La Scuola in ascolto degli studenti

Uno Sportello di Ascolto Pedagogico è uno spazio al cui interno trovano accoglimento le più ampie tematiche del disagio giovanile.

La Relazione d’aiuto posta in essere dal Pedagogista, punta a sanare quel conflitto socio-evolutivo che rischia di minare la piena espressione delle qualità individuali, senza ricercare patologie nel soggetto (al pari di uno Sportello Psicologico) ma spostando il focus sui suoi punti di forza.
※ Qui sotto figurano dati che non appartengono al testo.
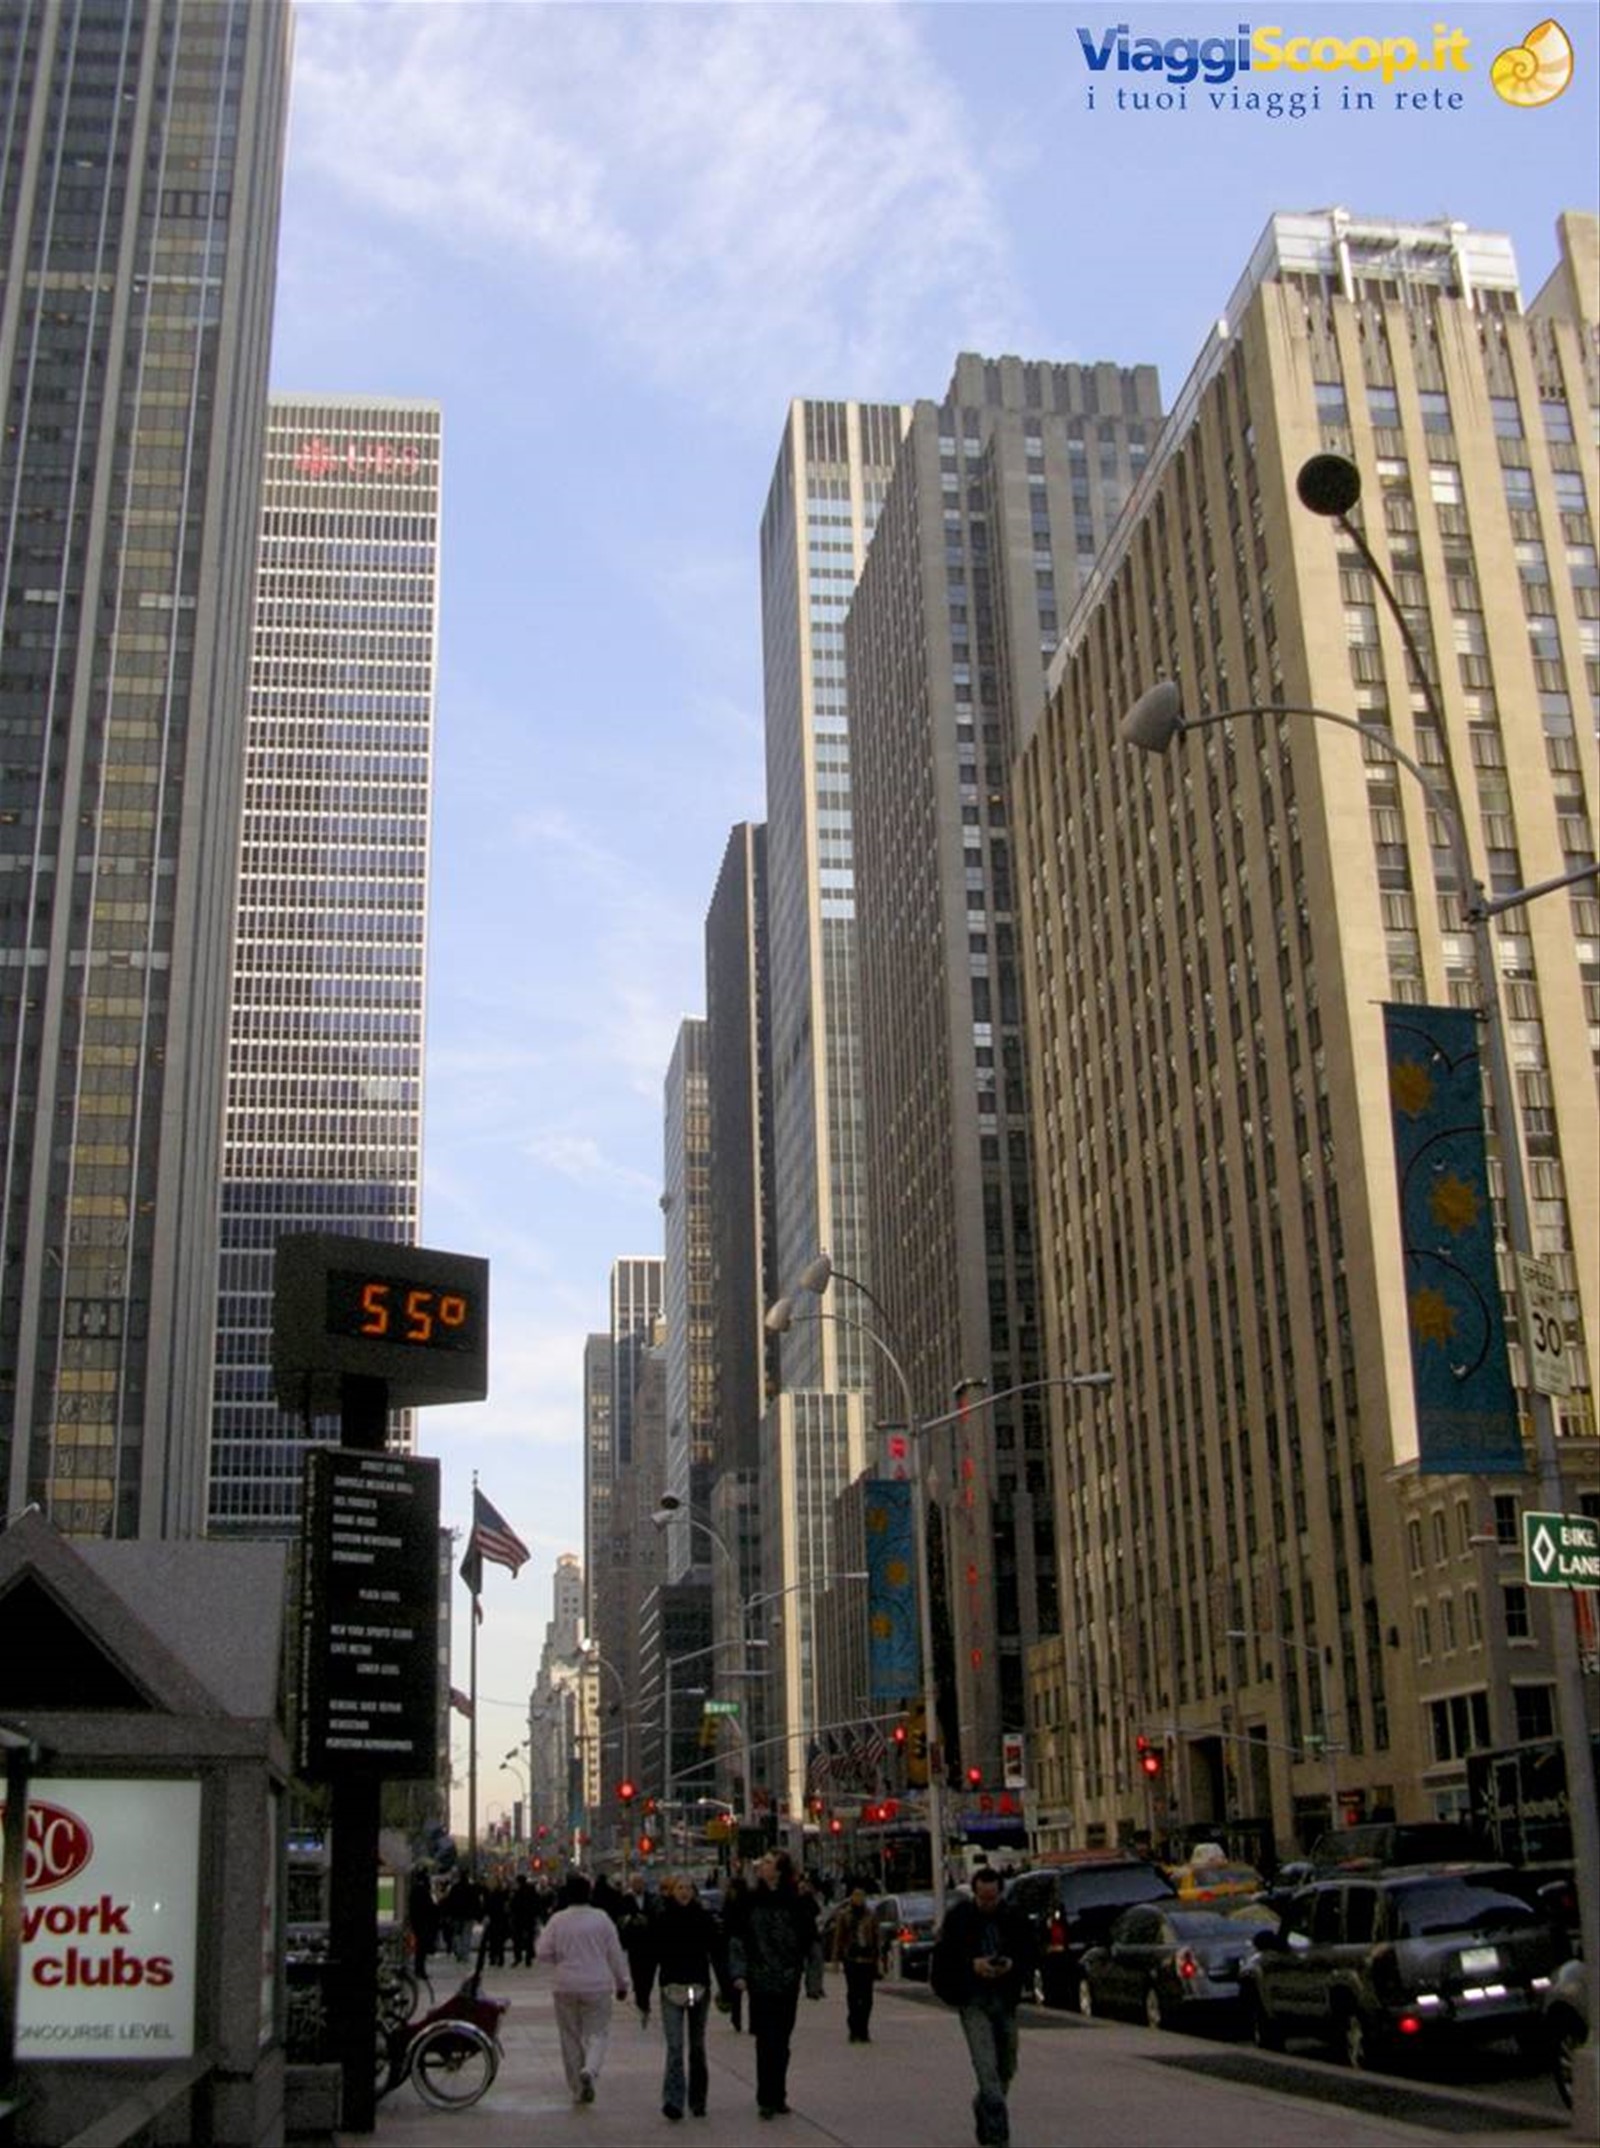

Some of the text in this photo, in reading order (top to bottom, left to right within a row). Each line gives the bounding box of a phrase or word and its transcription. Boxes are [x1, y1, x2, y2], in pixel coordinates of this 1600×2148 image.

[1522, 1264, 1556, 1293] SPEED
[1532, 1312, 1562, 1358] 30
[1560, 1526, 1598, 1549] BIKE
[1558, 1553, 1600, 1577] LANE
[22, 1895, 130, 1943] york
[32, 1948, 174, 1986] clubs
[119, 2023, 173, 2039] LEVEL
Lo Sportello di Ascolto Pedagogico, all’interno della Scuola, offre agli studenti un servizio di prevenzione e individuazione precoce del rifiuto scolastico, in relazione alle difficoltà di adattamento dell’apprendimento, alle problematiche dell’interazione tra pari (qual è ad esempio il bullismo), tra docenti e allievi o tra genitori e figli. Lo specialista opera dunque in presenza di difficoltà di apprendimento: espressivo-elocutorie (dislessia, disgrafia, discalculia), organizzativo motorie-comportamentali (iperattività, disattenzione, apatia), comunicativo-relazionali e emotivo- affettive.
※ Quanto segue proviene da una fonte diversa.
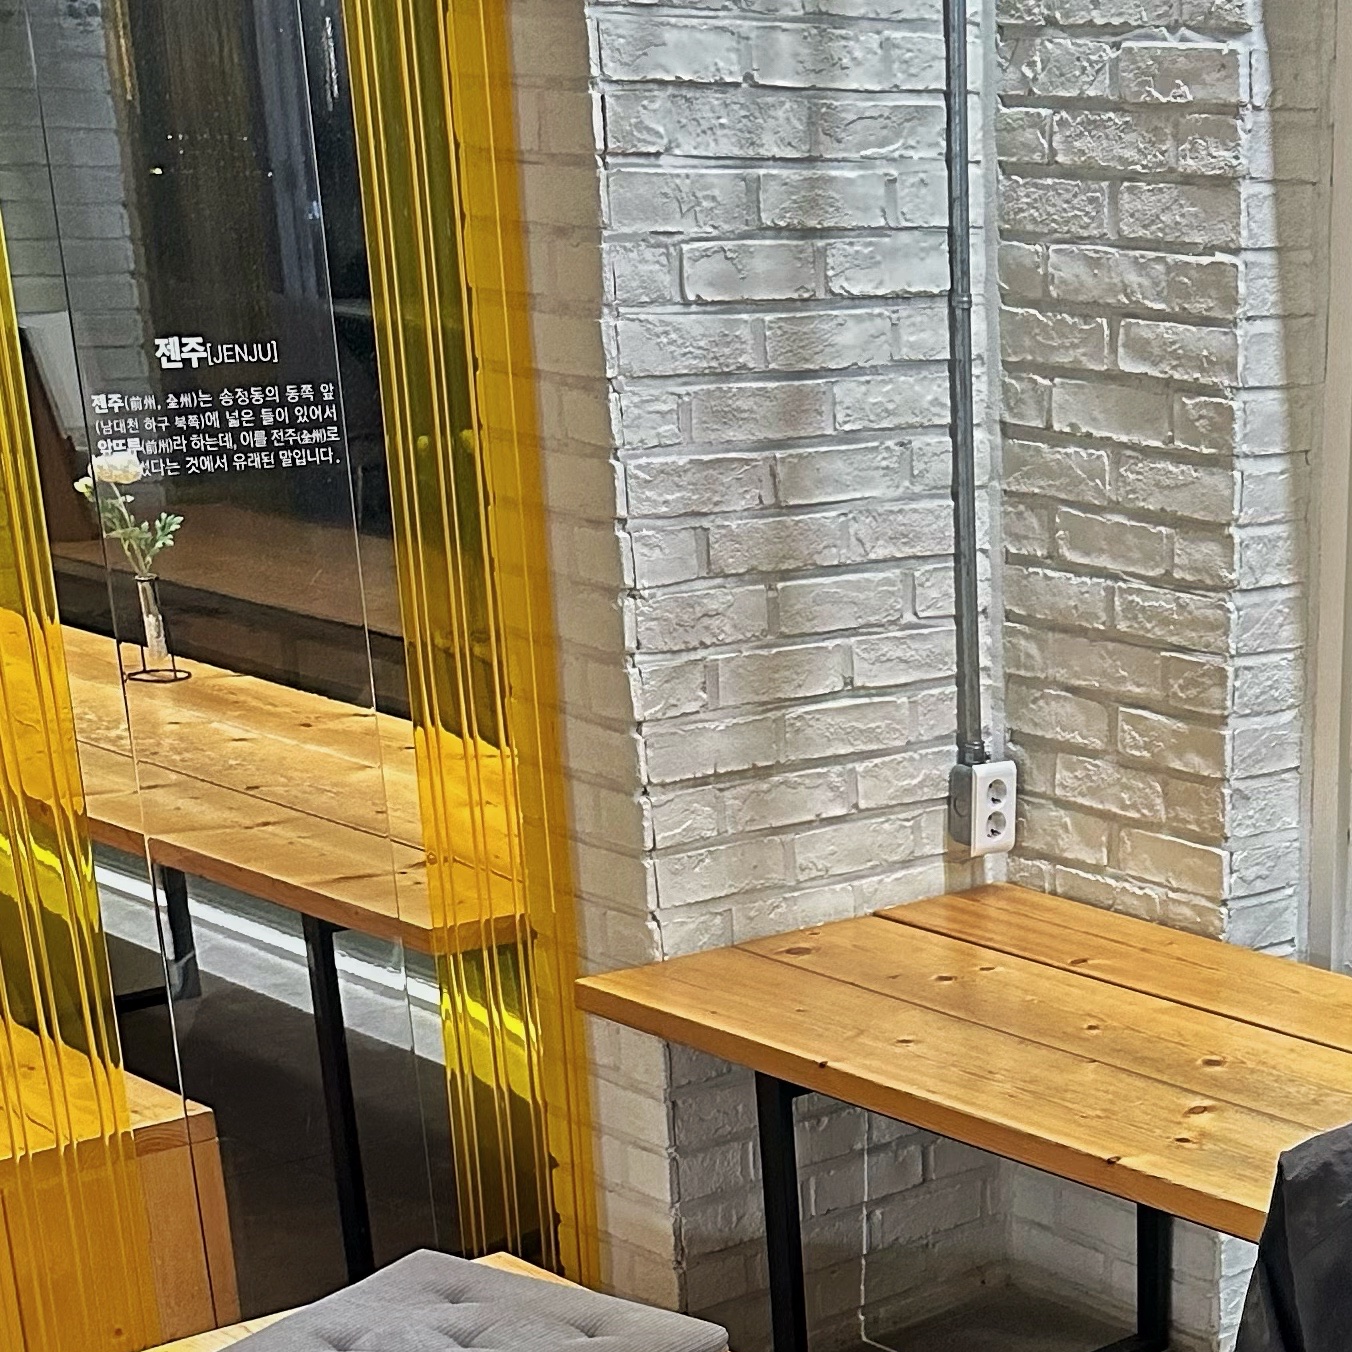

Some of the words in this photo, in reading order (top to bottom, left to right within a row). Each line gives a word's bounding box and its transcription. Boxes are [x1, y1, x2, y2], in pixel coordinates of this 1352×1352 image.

Cooperando con il Pedagogista, i docenti segnaleranno, durante il percorso scolastico, l’emergere di eventuali nodi emotivi nei discenti, così da creare una sinergia tra aiuto specialistico e iter educativo in grado di supportare i genitori e infondere, in bambini e ragazzi, speranza e fiducia nel futuro.

Destinatari

Bambini, ragazzi, genitori, docenti e qualsiasi operatore del settore educativo.

Obiettivi:

  • Facilitare la comunicazione tra alunni-alunni, alunni-docenti, docenti-genitori e genitori-alunni;
  • Sostenere agli alunni più deboli;
  • Incentivare una corretta e motivante frequenza scolastica;
  • Indirizzare i bisogni della persona verso specifici interventi;
  • Promuovere il dialogo tra scuola e famiglia;
  • Offrire un’opportunità di ascolto e di accoglienza;

  • Favorire una riflessione sulle competenze educative, sulle difficoltà, sui dubbi e sulle paure relative al ruolo genitoriale;
  • Offrire al corpo docenti un luogo di accoglienza e di confronto delle difficoltà relative al proprio ruolo di insegnante e al rapporto con alunni e genitori;
  • Svolgere attività di mediazione intergenerazionale all’interno dell’ambiente familiare.